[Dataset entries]
□ □ □ □ □ □ □

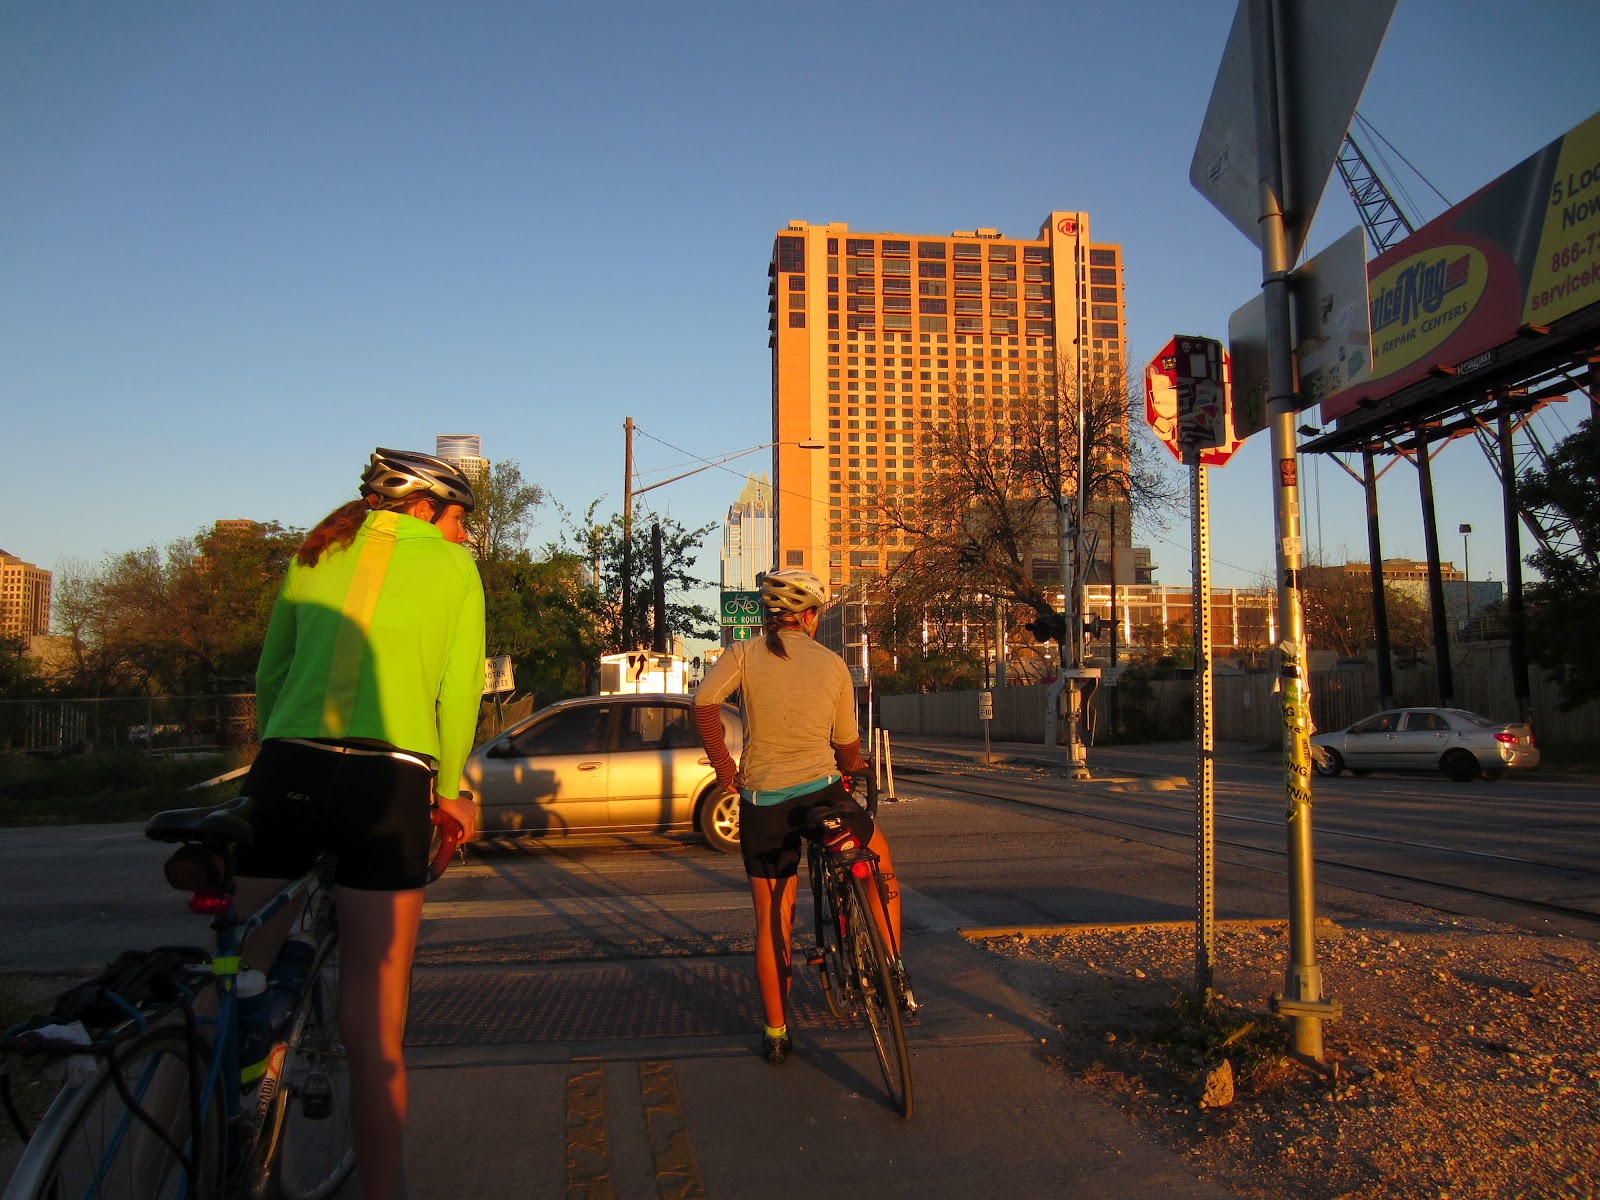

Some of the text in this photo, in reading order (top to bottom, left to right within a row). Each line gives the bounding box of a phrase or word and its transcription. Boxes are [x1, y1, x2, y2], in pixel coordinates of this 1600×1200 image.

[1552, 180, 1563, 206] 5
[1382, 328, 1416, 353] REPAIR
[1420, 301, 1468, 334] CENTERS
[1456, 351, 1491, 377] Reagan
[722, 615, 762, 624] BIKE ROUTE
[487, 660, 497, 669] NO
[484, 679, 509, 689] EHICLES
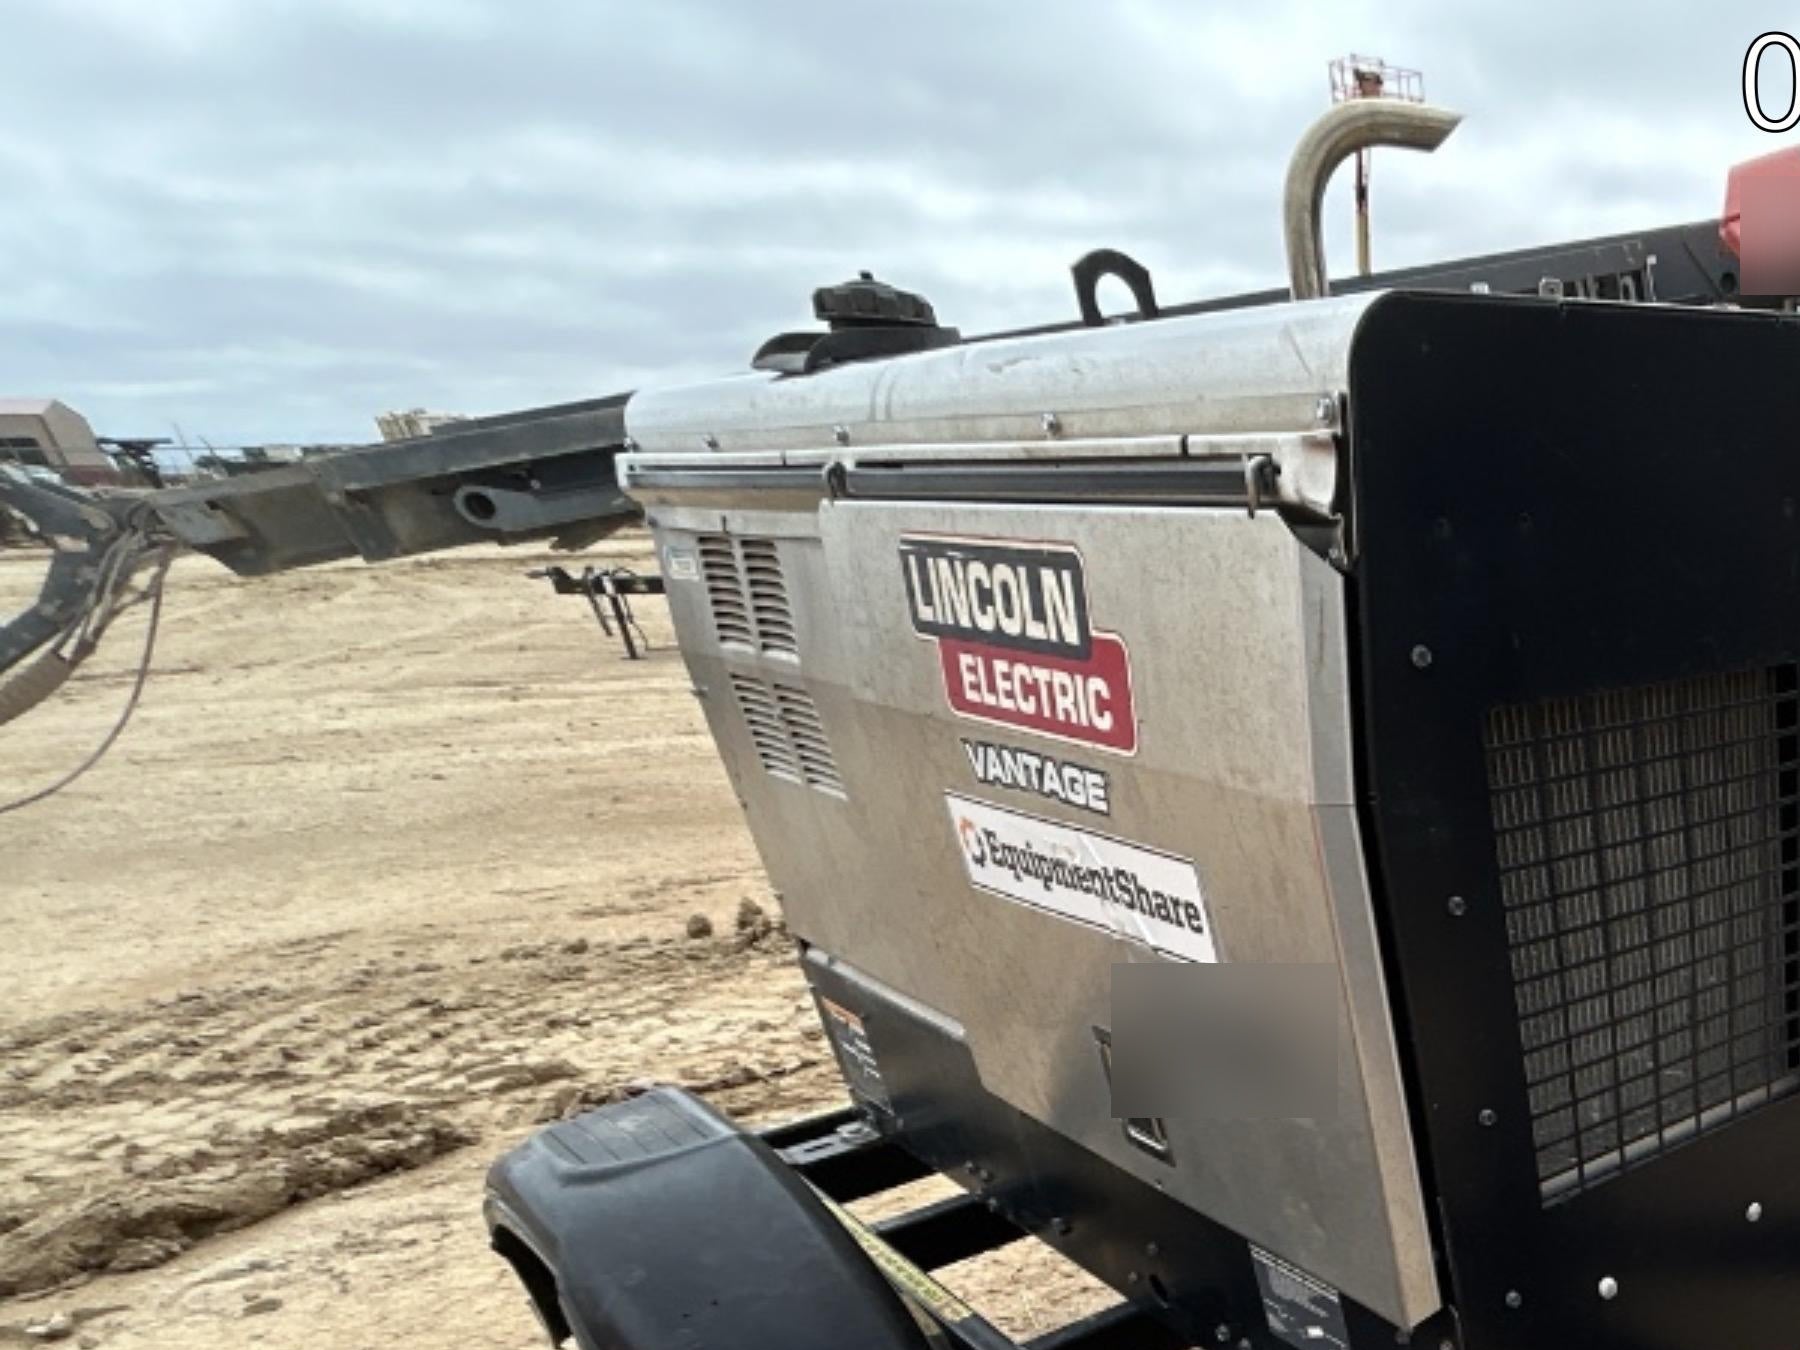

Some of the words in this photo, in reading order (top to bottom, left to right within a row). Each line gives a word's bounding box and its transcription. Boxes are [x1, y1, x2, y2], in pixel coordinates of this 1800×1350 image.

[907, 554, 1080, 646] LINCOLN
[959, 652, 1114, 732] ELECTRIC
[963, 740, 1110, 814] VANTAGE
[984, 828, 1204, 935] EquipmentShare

□ □ □ □ □ □ □

▸ Problem details
Please reproduce every record exactly as written, excluding the pictures.

▸ Solved exercise
Some of the text in this photo, in reading order (top to bottom, left to right within a row). Each line gives the bounding box of a phrase or word and its transcription. Boxes are [x1, y1, x2, y2], in pixel coordinates of this 1600×1200 image.

[1552, 180, 1563, 206] 5
[1382, 328, 1416, 353] REPAIR
[1420, 301, 1468, 334] CENTERS
[1456, 351, 1491, 377] Reagan
[722, 615, 762, 624] BIKE ROUTE
[487, 660, 497, 669] NO
[484, 679, 509, 689] EHICLES

Some of the words in this photo, in reading order (top to bottom, left to right within a row). Each line gives a word's bounding box and its transcription. Boxes are [x1, y1, x2, y2], in pixel coordinates of this 1800×1350 image.

[907, 554, 1080, 646] LINCOLN
[959, 652, 1114, 732] ELECTRIC
[963, 740, 1110, 814] VANTAGE
[984, 828, 1204, 935] EquipmentShare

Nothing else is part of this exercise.